Old Melbourne Gaol
To exit Old Melbourne Jail one must walk past the charity donation box and through the gift shop.
In the gift shop it is possible to purchase:
A stubby holder designed to resemble Ned Kelly’s armour (also on display in the jail)
and, a Ned Kelly snowglobe. At once the most inappropriate and therefore appropriate souvenir a carceral space has to offer.
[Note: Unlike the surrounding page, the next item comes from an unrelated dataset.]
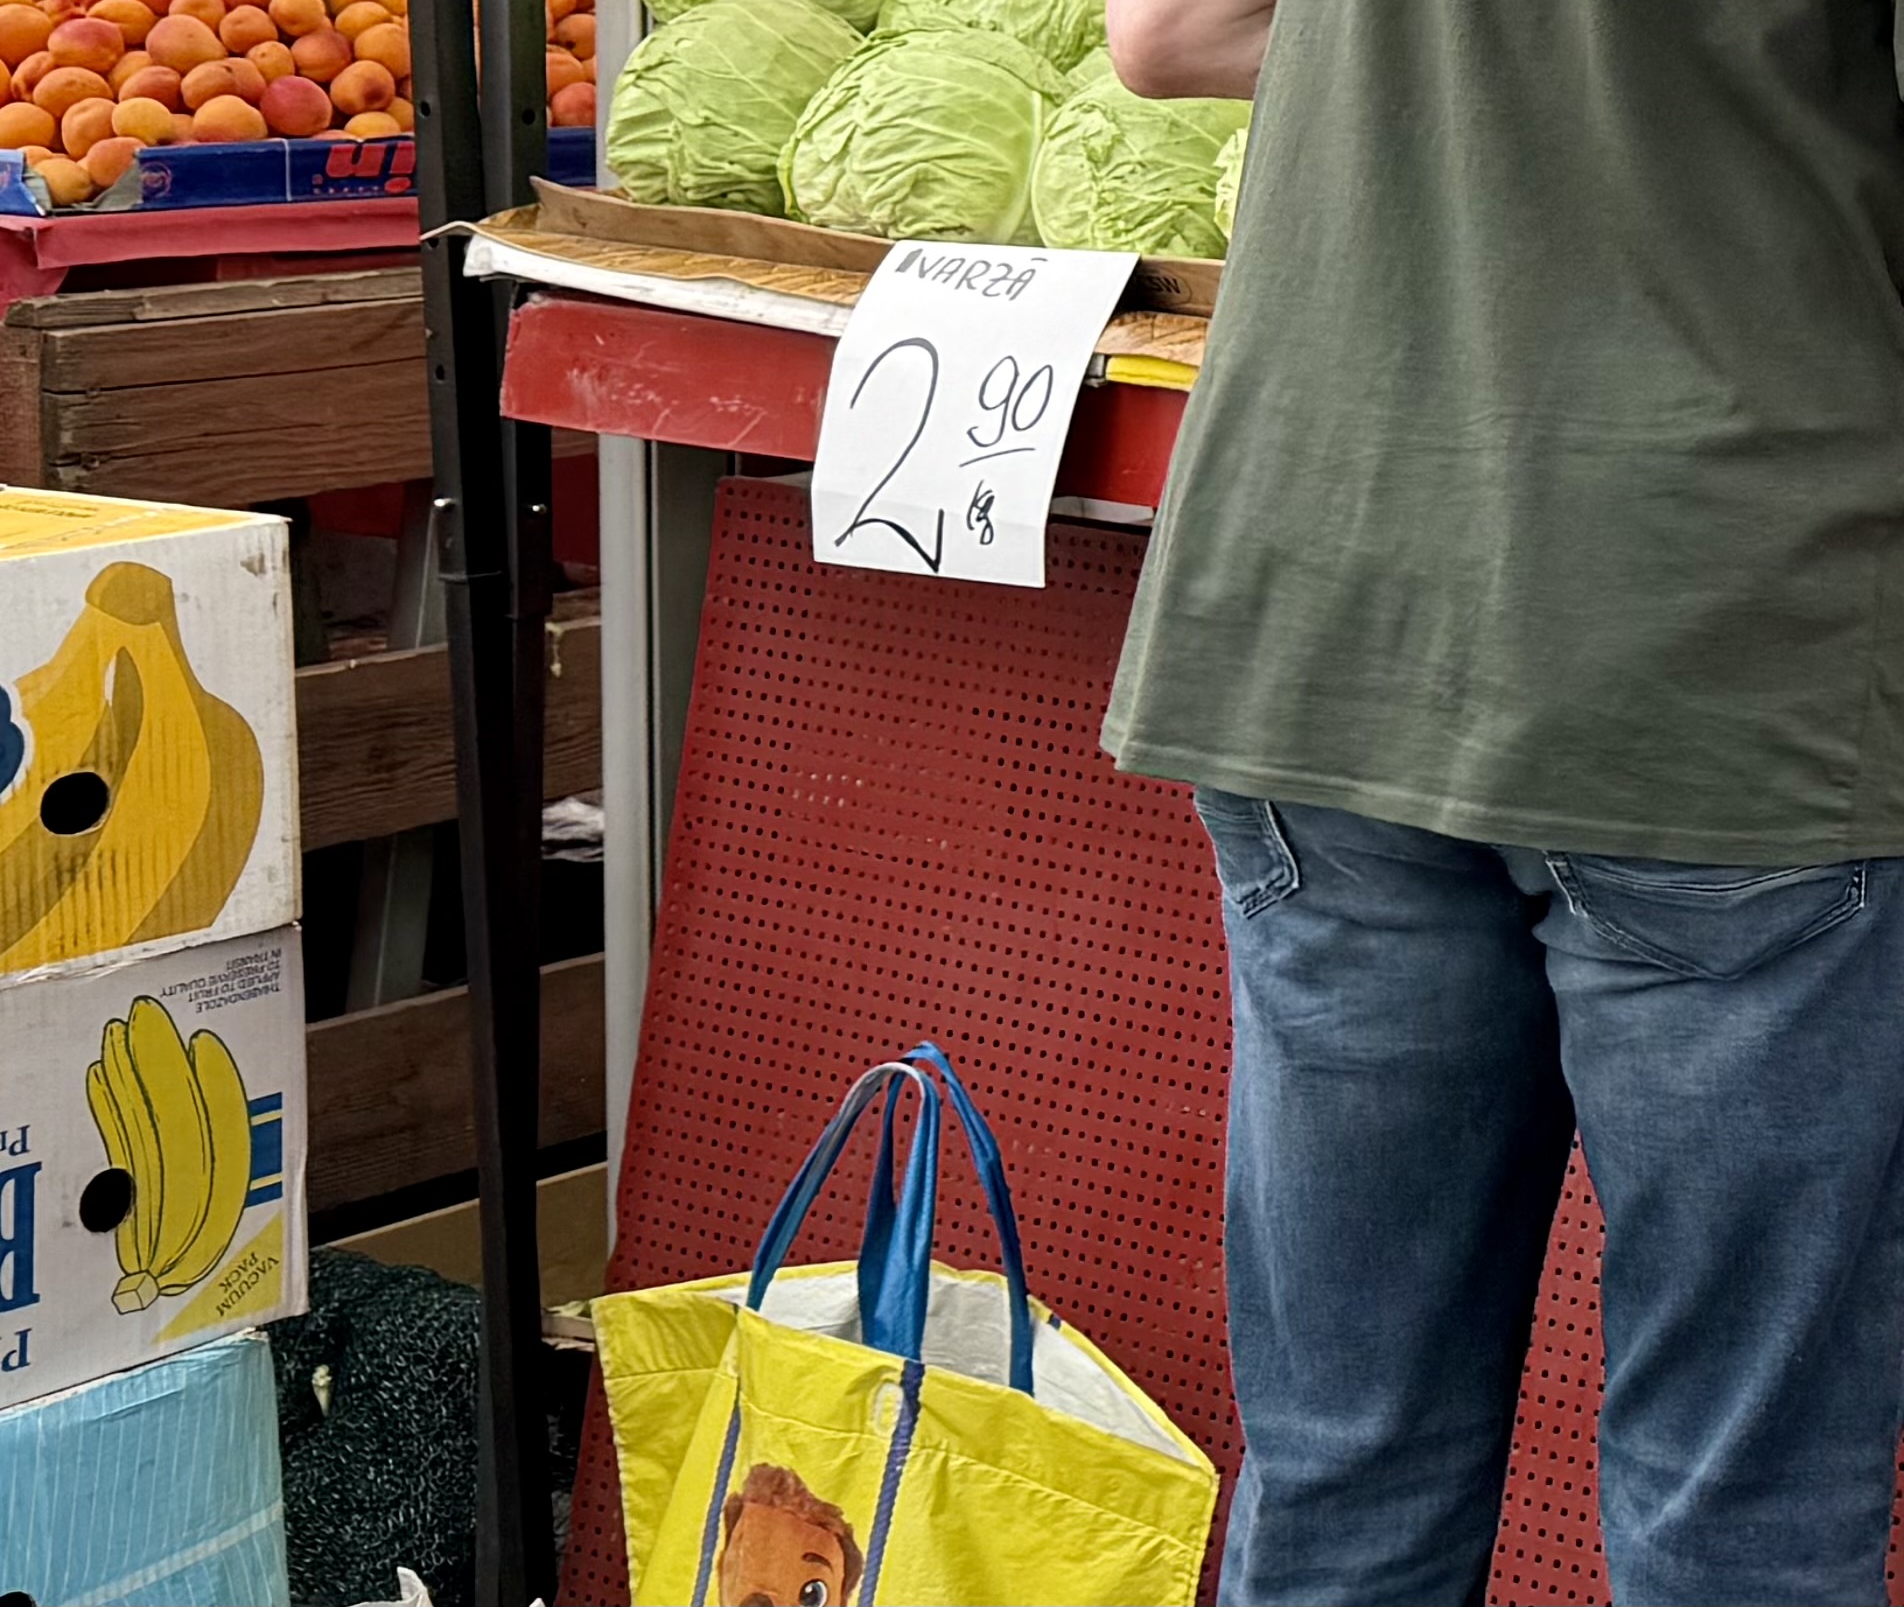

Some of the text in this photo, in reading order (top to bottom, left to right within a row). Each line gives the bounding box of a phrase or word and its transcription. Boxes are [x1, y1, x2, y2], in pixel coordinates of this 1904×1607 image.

As part of the entry ticket to the gaol, it is possible to visit the Watch House where you get locked in a dark cell for 2 minutes with a bunch of other snap happy tourists. Parents are warned that the tour might be traumatic for small children due to the shouty actor pretending to be the duty officer and the real life swears carved into the cell walls. I’ve seen more offensive graffiti in my junior school toilets.
There are also ghostly projections of criminals telling their stories too which, like the audio guides at Alcatraz, serve to exorcise the space of its ghosts (what Agamben describes as conjuring…) rather than legitimise such voices. The same is perhaps true of Ned Kelly’s death mask on display.
Kelly is brought back to life at various points in the tour – it is possible to take part in a dramatised version of his trial in the old magistrate’s court. To navigate between the three elements of the tour – gaol, holding cells and courtroom – require one to return briefly to the space of the city – crime and punishment woven into the urban fabric. Yet, in the cities of today such a space can now exist only as visitor attraction, as guided tour, as part of the museification of the world and a celebration of the processes of gentrification which see both criminality and poverty removed from the urban landscape as anything but commodity fetish.
Kelly is reincarnated but in a display cabinet. And if a 5 year old happens to don the replica of his armour (to be worn only within the allocated area) before charging around the gaol, he must be stopped. Unauthorised reenactments risk unleashing the subversive, criminal spirit of Kelly himself.